Cheap? Check. Convenience? Check. Choice? Check.

Sainsbury’s launched a rival to Savile Row in outlets this week, giving shoppers a chance to buy suits with their weekly shop.

The move is a classic example of how wafer-thin margins and the dog fight for market share is forcing supermarkets to turn towards different revenue streams – be it launching a new range or acquiring a business.

Read more: Sainsbury's suits up: Supermarket to sell smart mens clothes

The so-called affordable fashion sector is one such growth market. Figures from Kantar Worldpanel show that supermarkets account for £3.1bn of annual clothing sales.

In fact, for every £10 spent on clothing in the UK, £1 now goes to supermarkets. Sainsbury’s clothing brand Tu outperformed the rest of the business during the first quarter of the financial year while like-for-like sales at Tesco’s clothing arm F&F were up 3.5 per cent in the first half of 2017.
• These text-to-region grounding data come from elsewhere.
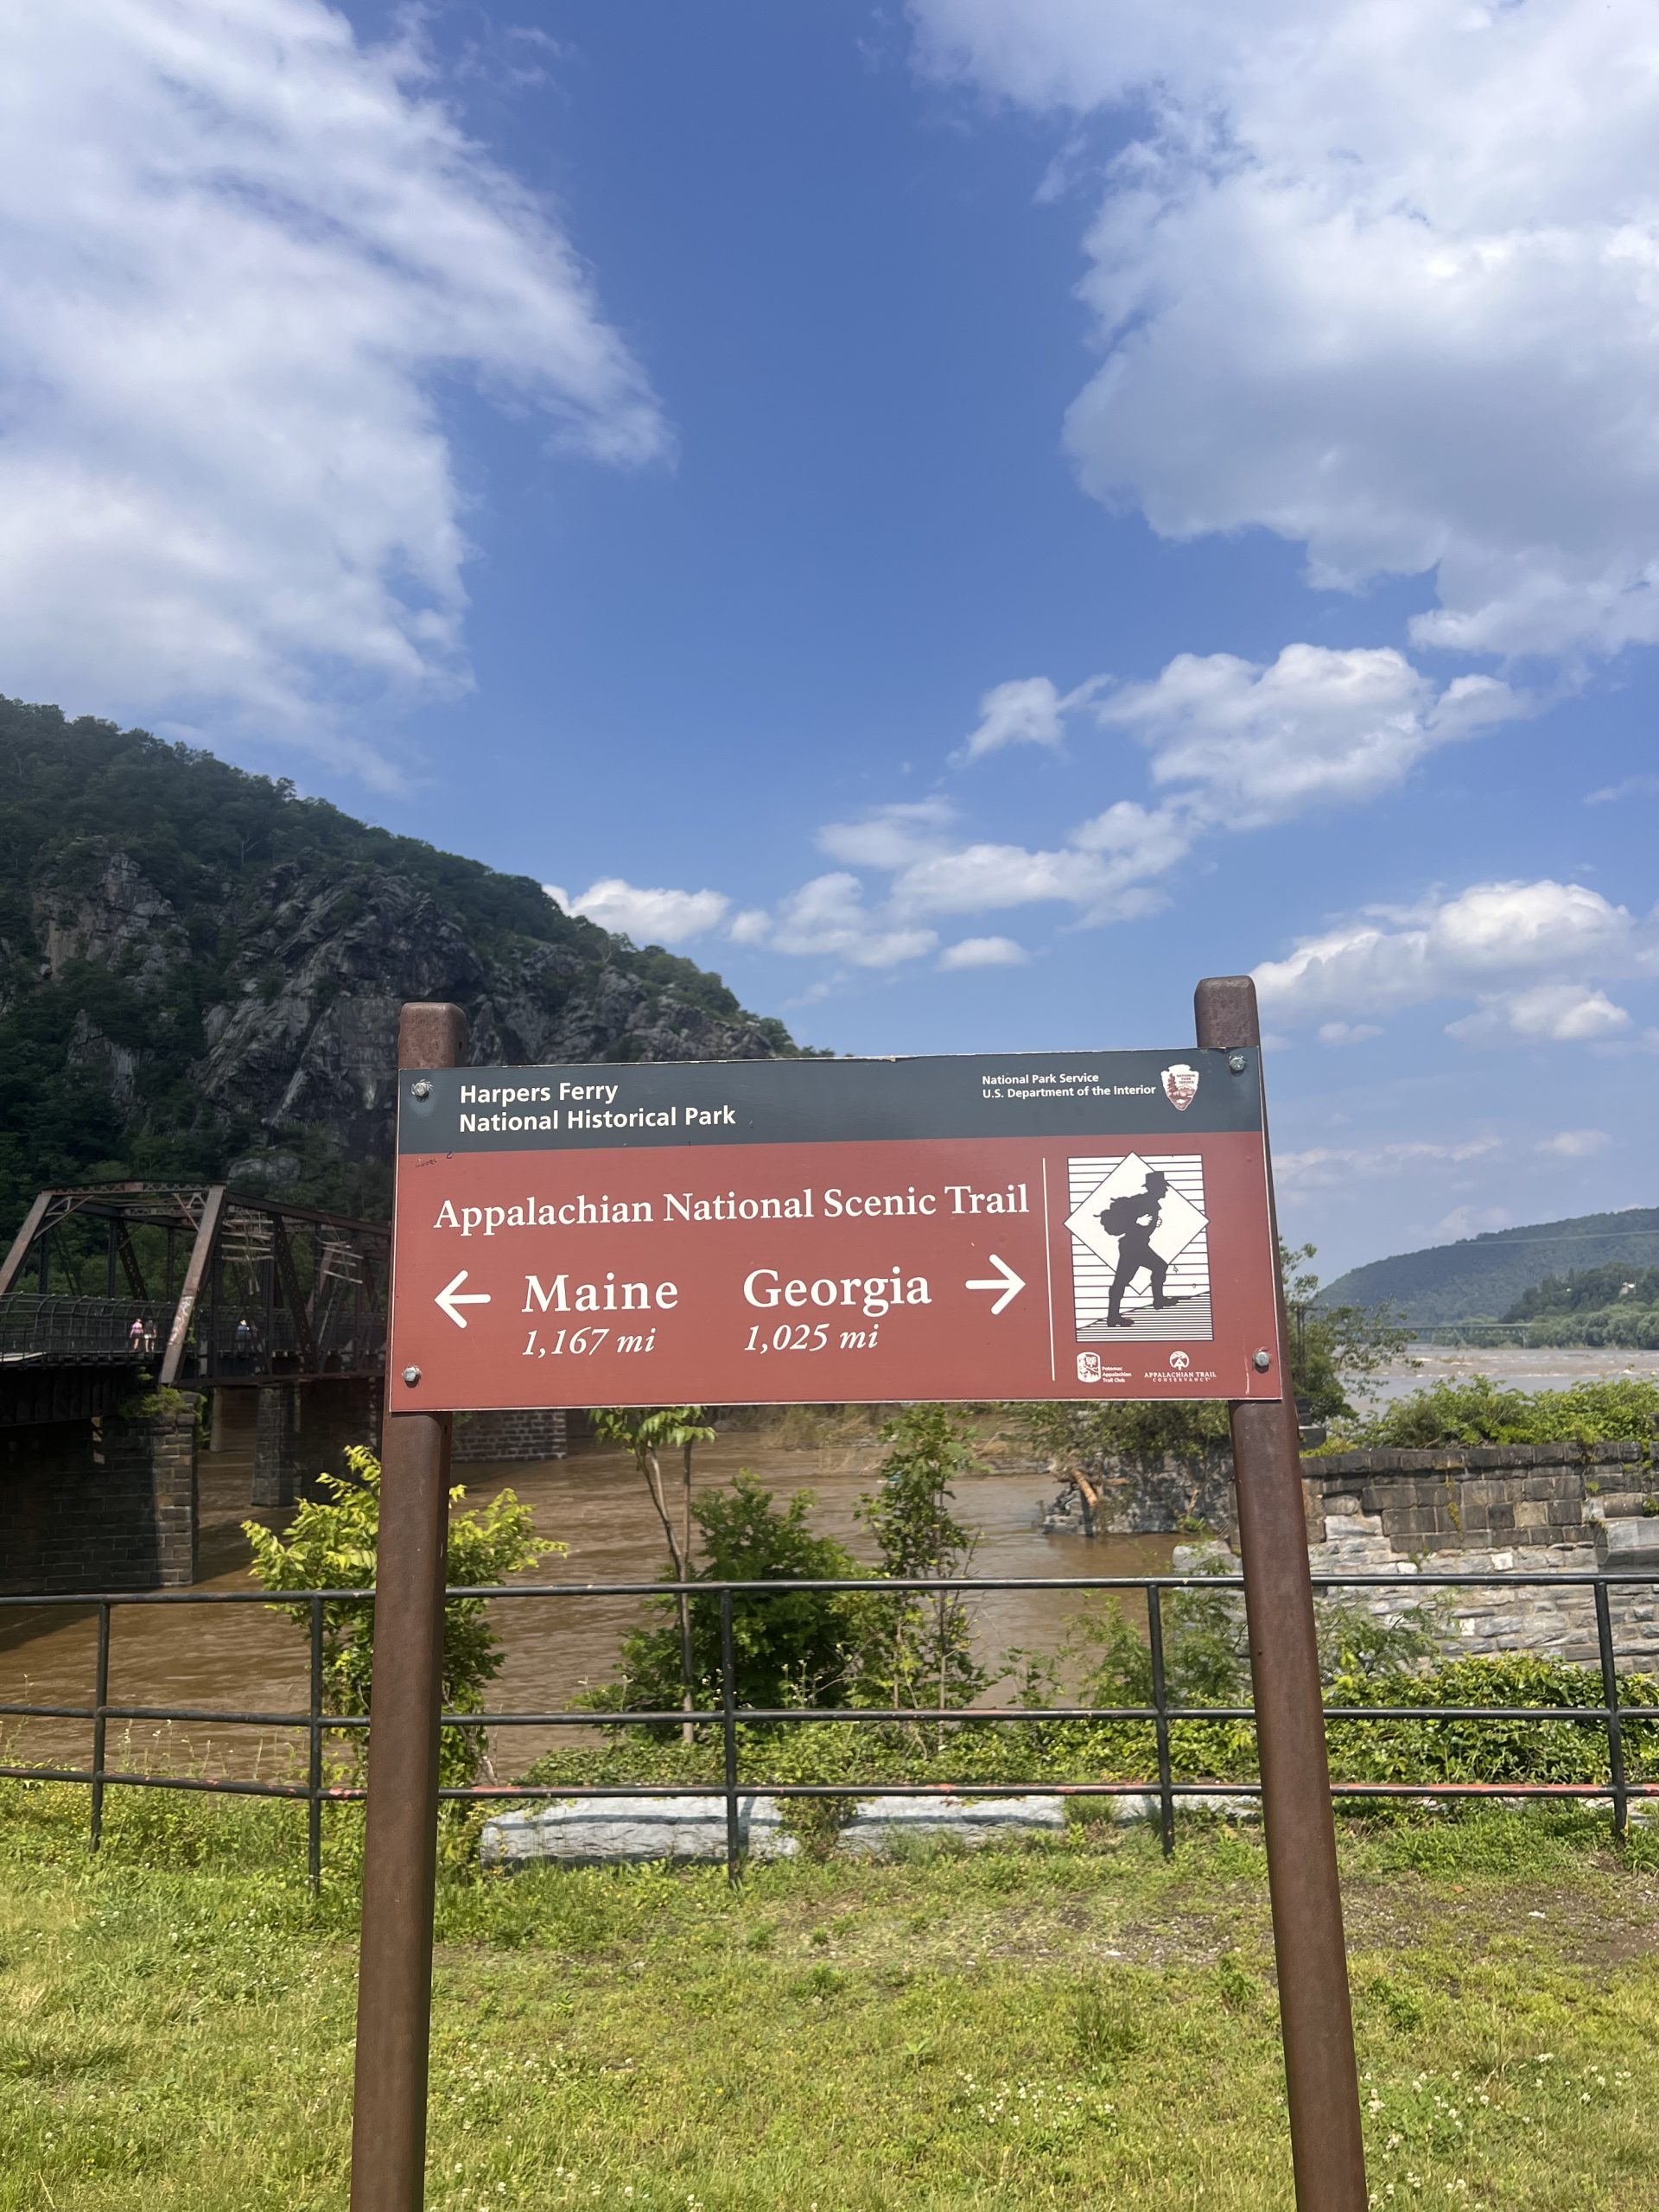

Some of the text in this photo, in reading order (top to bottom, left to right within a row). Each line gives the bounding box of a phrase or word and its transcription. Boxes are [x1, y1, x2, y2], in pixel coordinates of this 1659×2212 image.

[461, 1082, 619, 1107] Harpers Ferry
[982, 1072, 1099, 1085] National Park Service
[982, 1084, 1156, 1100] U.S. Department of the Interior
[460, 1104, 736, 1133] National Historical Park
[433, 1183, 1030, 1236] Appalachian National Scenic Trail
[521, 1272, 678, 1313] Maine
[743, 1266, 932, 1318] Georgia
[522, 1326, 657, 1358] 1,167 mi
[744, 1323, 880, 1355] 1,025 mi
Last month, Lidl sold a whopping 106 items a minute on the day it launched supermodel Heidi Klum’s new Esmara range.

What draws customers to put supermarket clothing in their trolleys is its price and quality. If the editor of Vogue raves about an £8 Tesco top then you’re likely to pick it up.

The other factor is convenience: time-poor customers are more likely to take notice of clothes on their grocery run in their local supermarkets, that are open until at least 11pm, than their nearest high street retailer. It’s also worth noting that supermarkets have a goldmine of data on their customers to adjudge consumer preferences and tastes.

While cut-price clothing might have proved a lucrative avenue for supermarkets so far, not all diversifications work. Take Tesco, for example. From bakeries to restaurants to coffee chains, the supermarket giant ventured into different sectors following its boom years, snapping up existing players in the sector.

However, when food sales started falling, it had to sell these loss-making ventures to shore up its balance sheet.

Here’s some food for thought for supermarket bosses: Explore new growth opportunities to give customers more reasons to shop from you but not at the cost of grocery – your core competency. A new revenue stream needs to be an addition not a distraction.